Un descenso que ya es tendencia
El pequeño aumento de 37 partos observado en 2024 fue solo un paréntesis dentro de una trayectoria claramente negativa. A ello se suma un retraso cada vez más acusado en la edad de maternidad: a nivel nacional, una de cada diez madres tiene 40 años o más cuando da a luz, un indicador del cambio social y económico que influye en la decisión de tener hijos.
En Cantabria, el problema no es solo que nazcan pocos niños, sino que la población envejece a mayor velocidad que en otras comunidades.
Más muertes que nacimientos, y por amplio margen
La otra cara de la estadística la ofrecen las defunciones. En el último ejercicio se registraron 6.177 fallecimientos, un 1,2% más que el año anterior. Aunque lejos del pico excepcional de 2022, la cifra confirma que la mortalidad sigue siendo elevada en una comunidad con una de las edades medias más altas del país.
El resultado es un saldo vegetativo negativo de 3.204 personas: más del doble de fallecimientos que nacimientos. Cantabria acumula esta tendencia negativa desde 2011 sin que haya logrado revertirse.
Inmigración como único sostén demográfico
En paralelo a esta caída de la natalidad, el crecimiento poblacional que en algunos momentos ha experimentado la región se ha debido principalmente a la llegada de población extranjera. La inmigración se ha convertido en el principal factor que amortigua la pérdida de habitantes, compensando parcialmente el saldo vegetativo negativo.
Sin embargo, distintos analistas coinciden en que no existe una estrategia integral de apoyo a la natalidad que complemente esa realidad migratoria.
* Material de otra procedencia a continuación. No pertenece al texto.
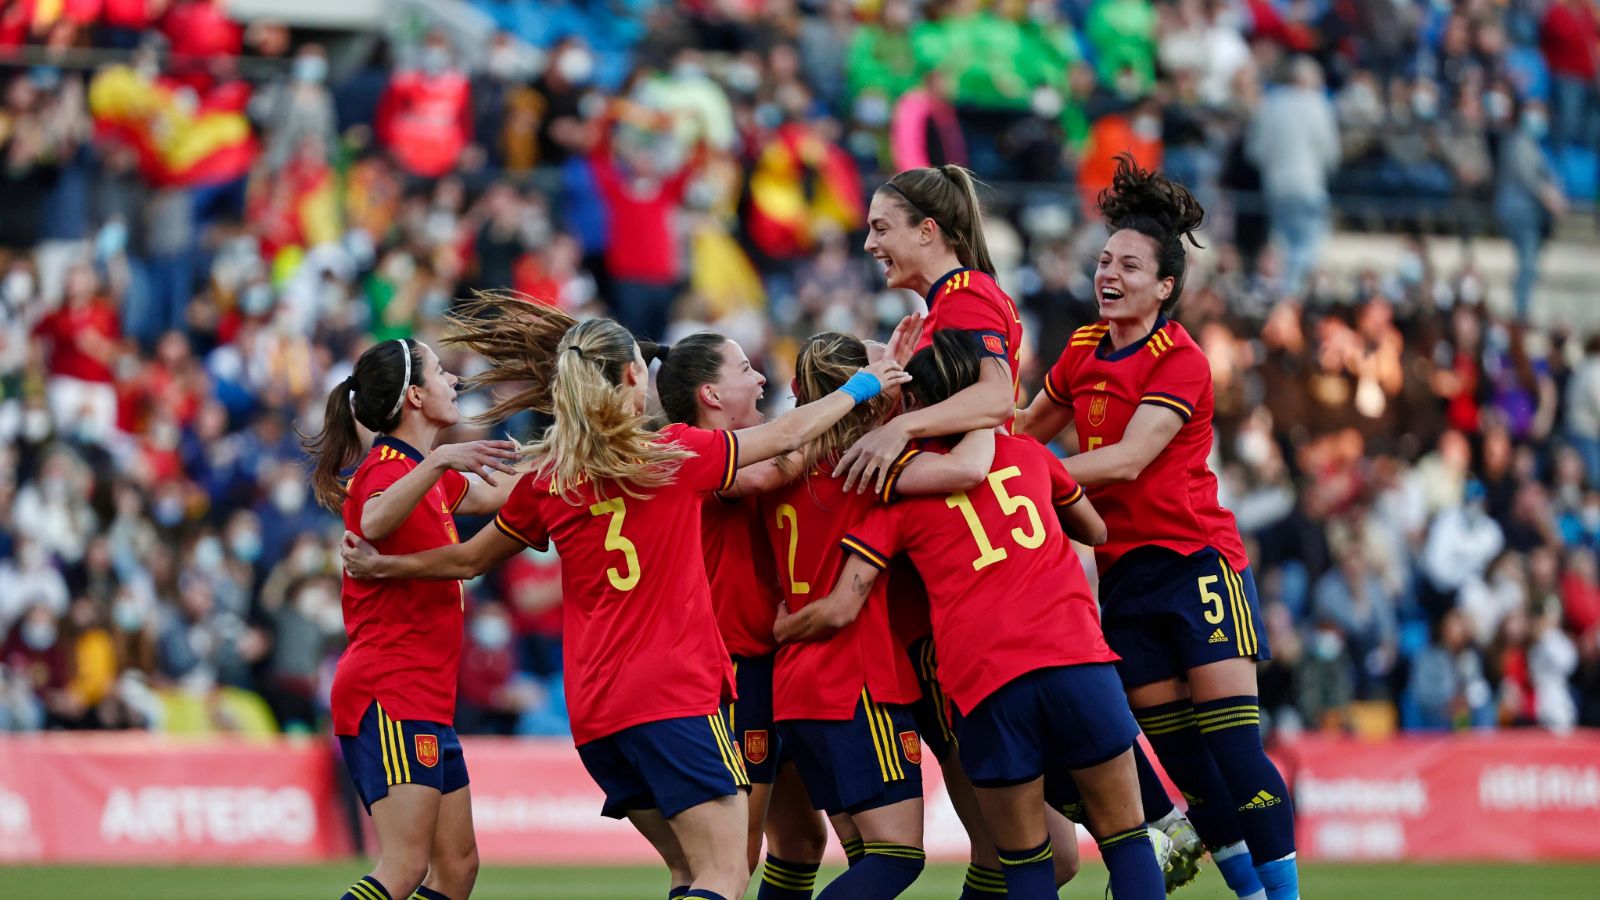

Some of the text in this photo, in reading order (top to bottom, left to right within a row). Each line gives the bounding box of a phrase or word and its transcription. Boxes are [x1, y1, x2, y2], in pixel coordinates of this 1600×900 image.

[589, 496, 641, 592] 3
[776, 503, 810, 594] 2
[945, 465, 1047, 572] 15
[1198, 575, 1225, 625] 5
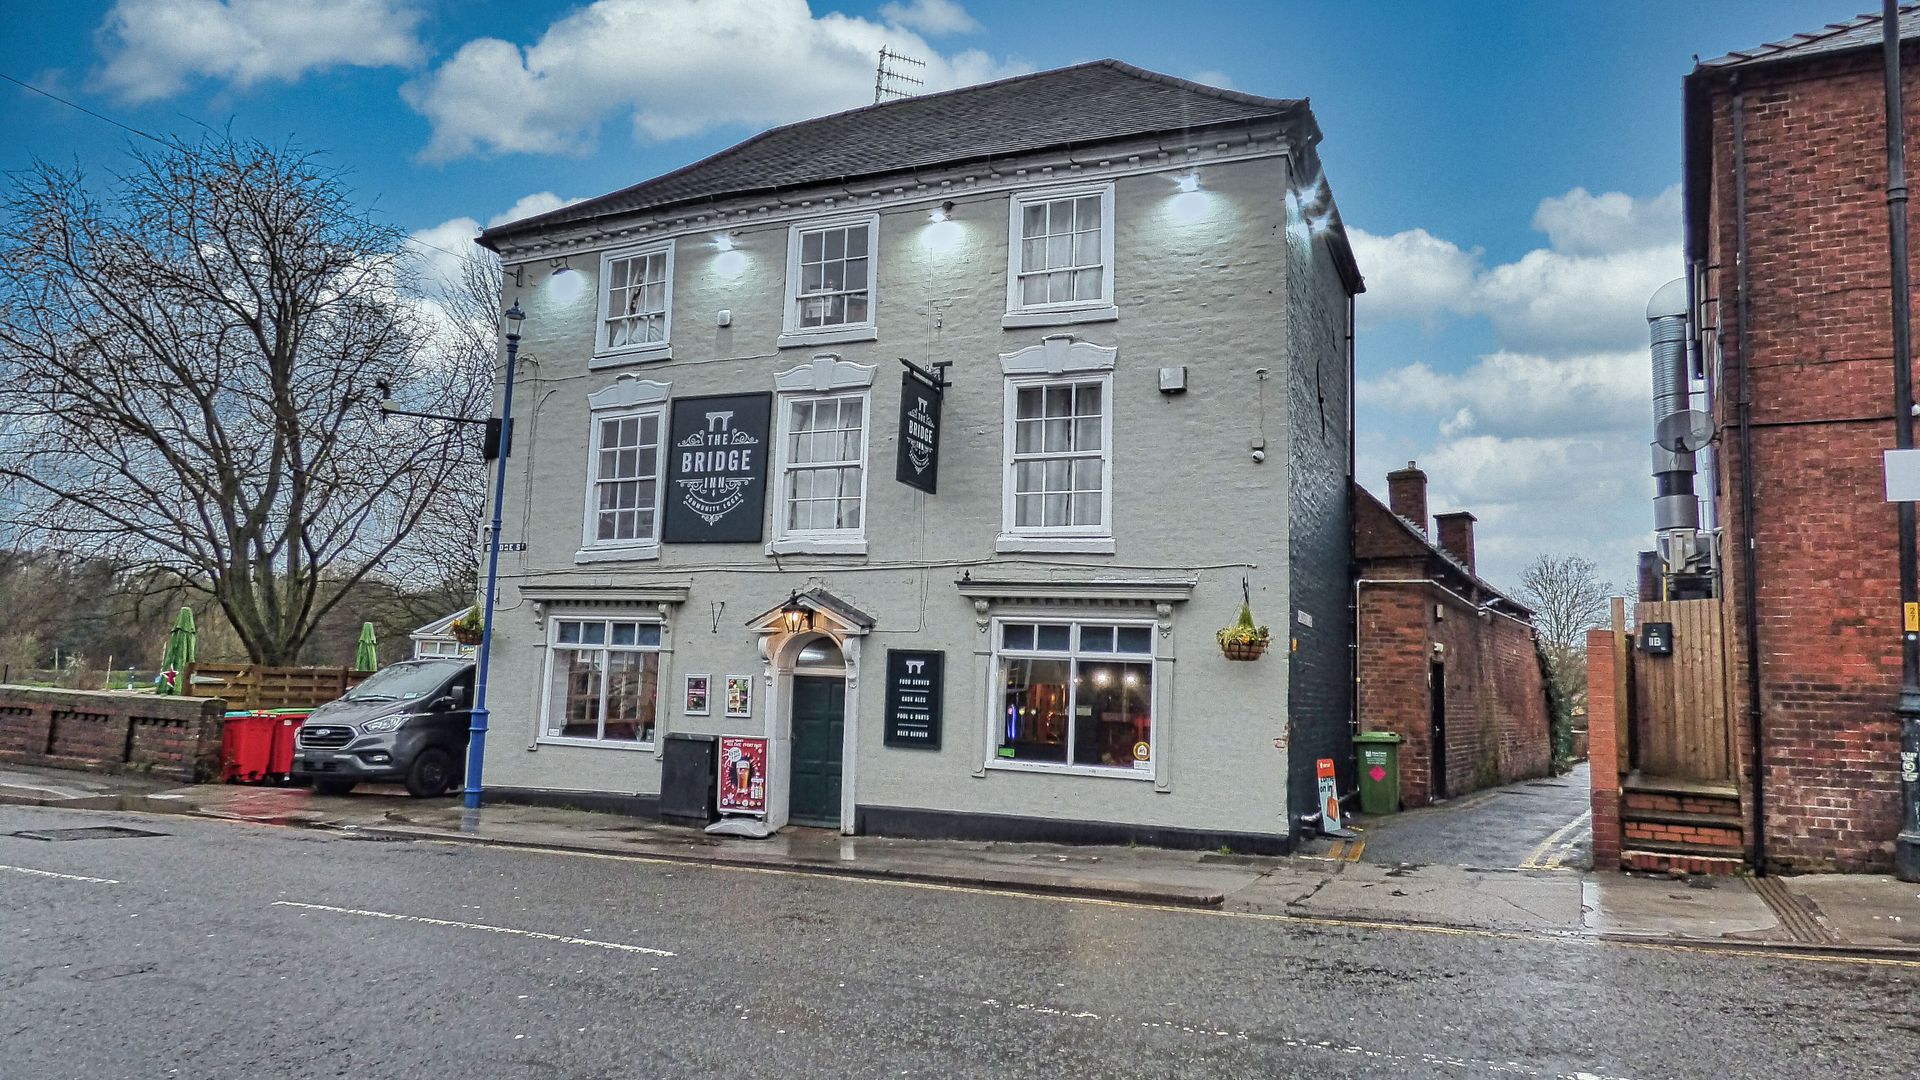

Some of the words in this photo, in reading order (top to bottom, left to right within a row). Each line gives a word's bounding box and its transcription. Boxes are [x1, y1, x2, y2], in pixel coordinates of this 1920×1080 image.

Las ayudas directas por hijo son limitadas, la conciliación laboral sigue siendo una asignatura pendiente y el acceso a la vivienda continúa siendo un obstáculo para muchas parejas jóvenes.
De este modo, mientras la inmigración sostiene parcialmente el padrón, el número de nacimientos propios continúa cayendo, lo que agrava el envejecimiento estructural.
Cantabria, entre las más envejecidas
La comunidad cántabra forma parte del grupo de territorios con mayor pérdida natural de población, junto a Galicia y Castilla y León, que lideran los saldos negativos en términos absolutos.
Solo cuatro territorios lograron crecimiento vegetativo positivo en 2025: la Comunidad de Madrid, la Región de Murcia y las ciudades autónomas de Melilla y Ceuta.
Un reto a largo plazo
La combinación de baja natalidad, alta mortalidad y dependencia de la inmigración para sostener la población plantea un desafío de fondo. El mantenimiento de los servicios públicos, la viabilidad del sistema de pensiones y el relevo generacional dependen de una estructura demográfica equilibrada.
Hoy, Cantabria se enfrenta a un escenario claro: si no se adoptan medidas eficaces para favorecer que más familias puedan tener hijos en la región, el envejecimiento seguirá avanzando y el peso demográfico dependerá cada vez más de factores externos.